* **Stored data entries**
○ ○ ○ ○ ○ ○ ○
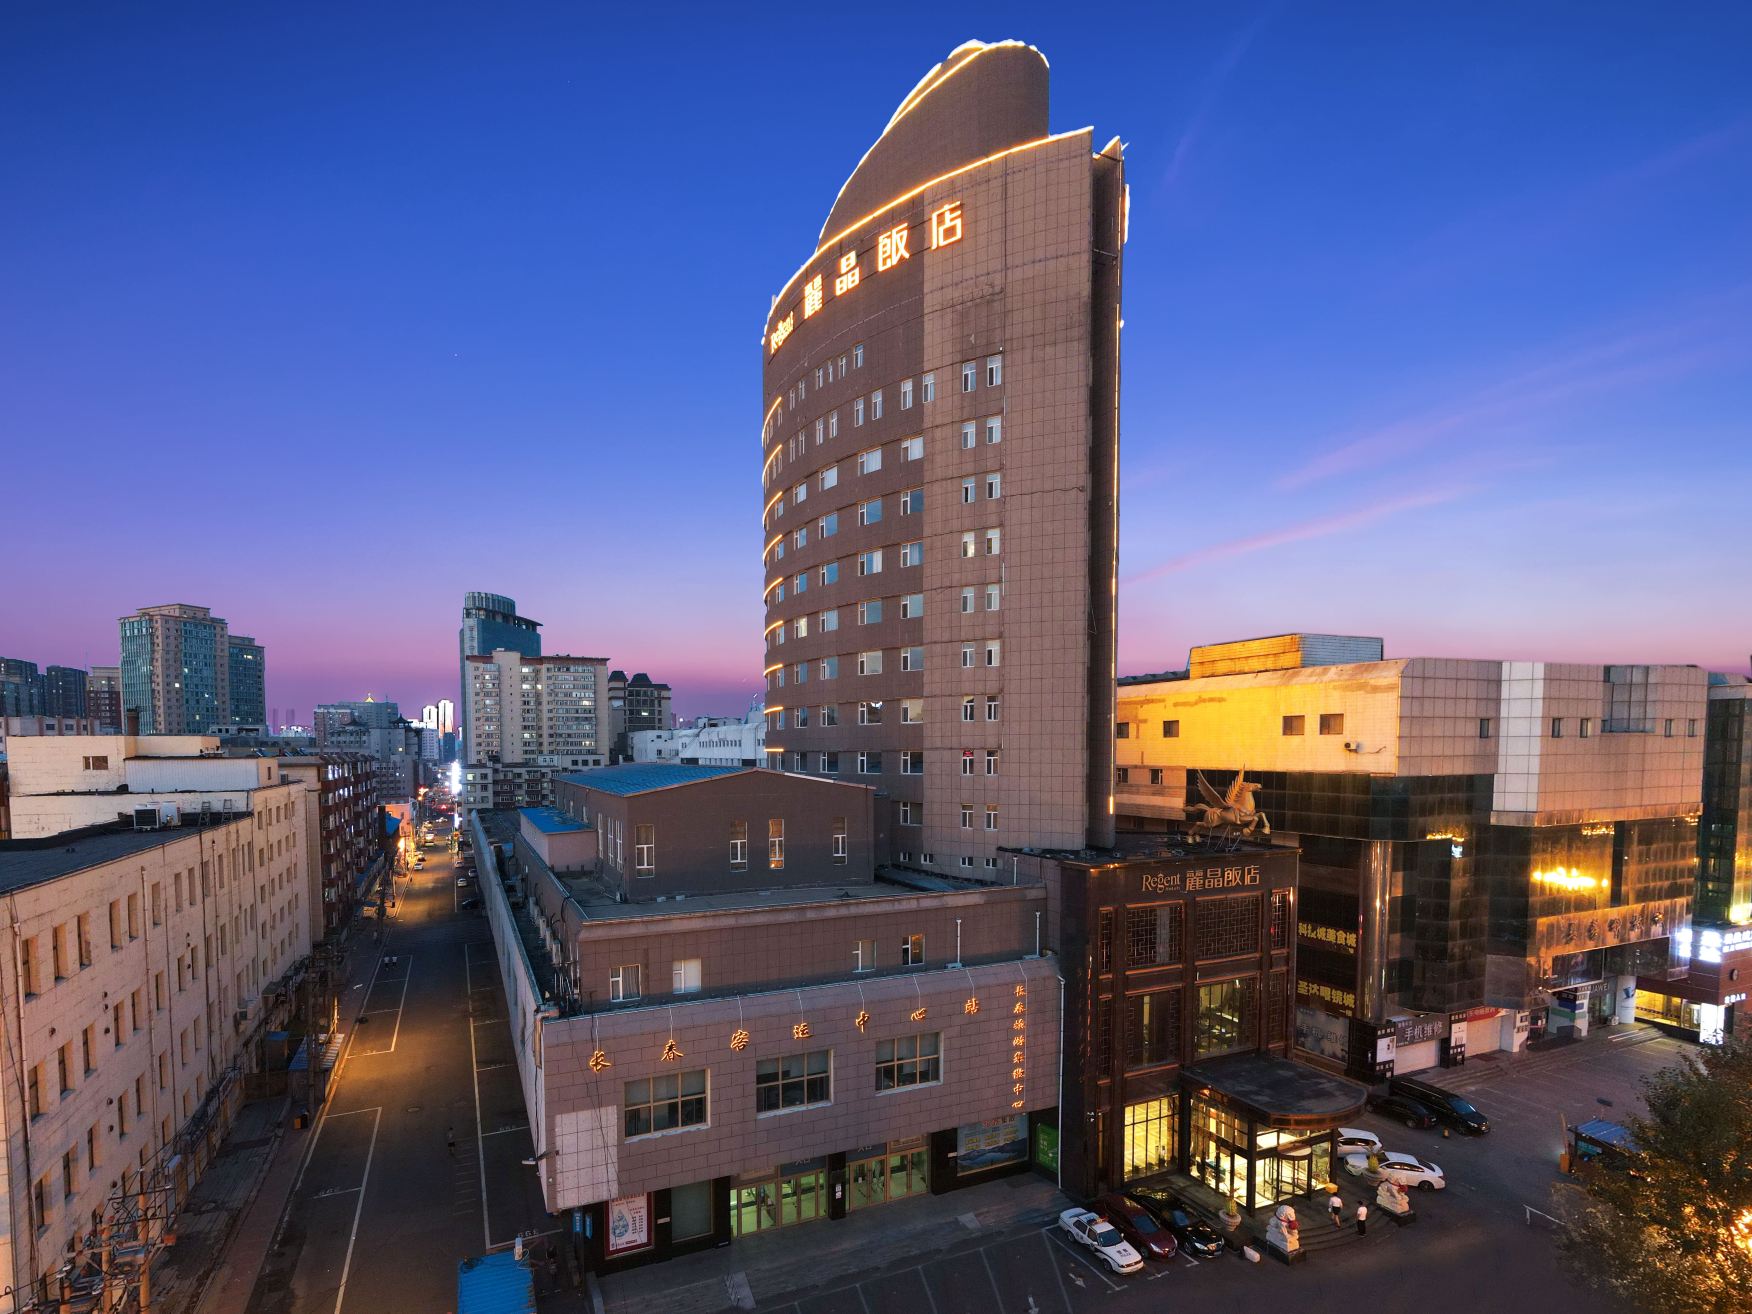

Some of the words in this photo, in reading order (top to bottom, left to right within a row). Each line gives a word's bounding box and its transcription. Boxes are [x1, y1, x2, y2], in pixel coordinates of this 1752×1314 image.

[804, 200, 963, 320] 麗晶飯店
[1142, 872, 1181, 893] Regent
[1185, 864, 1260, 891] 麗晶飯店
[1297, 980, 1355, 1009] 圣达眼镜城
[589, 997, 980, 1074] 长春客运中心站
[1011, 985, 1026, 1108] 长春旅游集散中心
[1404, 1020, 1443, 1041] 手机维修
○ ○ ○ ○ ○ ○ ○
* **Work to complete**
When you copy the data, keep every line exact and leave out each picture.

* **Task response**
Some of the words in this photo, in reading order (top to bottom, left to right within a row). Each line gives a word's bounding box and its transcription. Boxes are [x1, y1, x2, y2], in pixel coordinates of this 1752×1314 image.

[804, 200, 963, 320] 麗晶飯店
[1142, 872, 1181, 893] Regent
[1185, 864, 1260, 891] 麗晶飯店
[1297, 980, 1355, 1009] 圣达眼镜城
[589, 997, 980, 1074] 长春客运中心站
[1011, 985, 1026, 1108] 长春旅游集散中心
[1404, 1020, 1443, 1041] 手机维修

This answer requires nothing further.